What do we want “coherence” to do in legal reasoning? That is, when we use “coherence”, what are we trying to achieve by its use rather than by using another idea? Lawyers should ask and answer a question like that about many concepts, such as “reasonableness”, “duty”, “foreseeability”, “wrongfulness”, but they have particular importance when seeking to understand how a legal system structures or holds itself together. Often this question is simply not asked, or not asked with any time or context to find a serious answer. Many judges use ‘coherence’ with good reason, but without the resources, particularly time and a setting to investigate. Many academics too call in aid the term to add weight to an argument, without detail. Poorly reasoned coherence risks other key values of a legal system, such as intellectual robustness, fairness and certainty. Coherence requires a full understanding of the institutions, reasoning, norms, substantive rules, procedures and outcomes in the objects connected to each other. This work feeds into a wider project trying to understand how and why legal systems change, particularly drawing on examples across tort law and criminal law.
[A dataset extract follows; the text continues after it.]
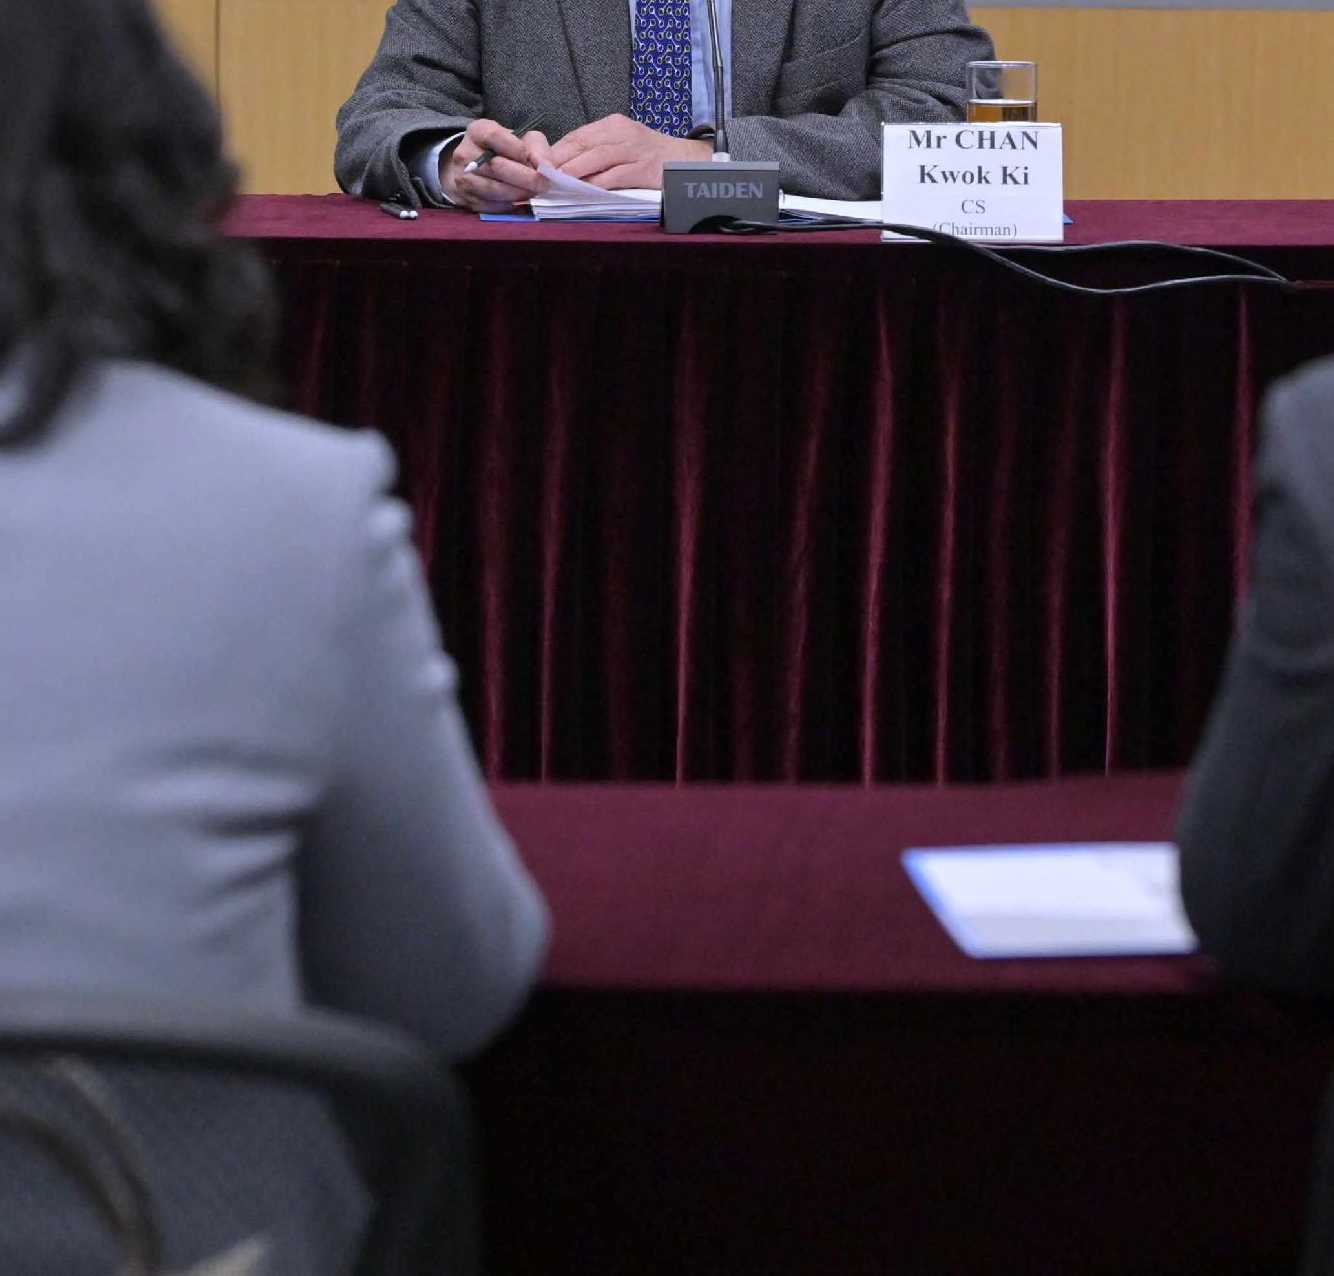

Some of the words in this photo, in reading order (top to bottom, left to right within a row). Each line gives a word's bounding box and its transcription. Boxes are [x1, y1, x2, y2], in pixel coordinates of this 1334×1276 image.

This paper: (1) introduces a recent example of coherence; (2) shows the objects of coherence reasoning: what is being made coherent with what; (3) analyses the group of purposes which coherence is part of; and then turns to applying coherence reasoning within the context of claims in tort which are alleged to be incoherent with a criminal prohibition, in particular “sanction shifting” from a person convicted of a crime to a tortfeasor connected to the crime.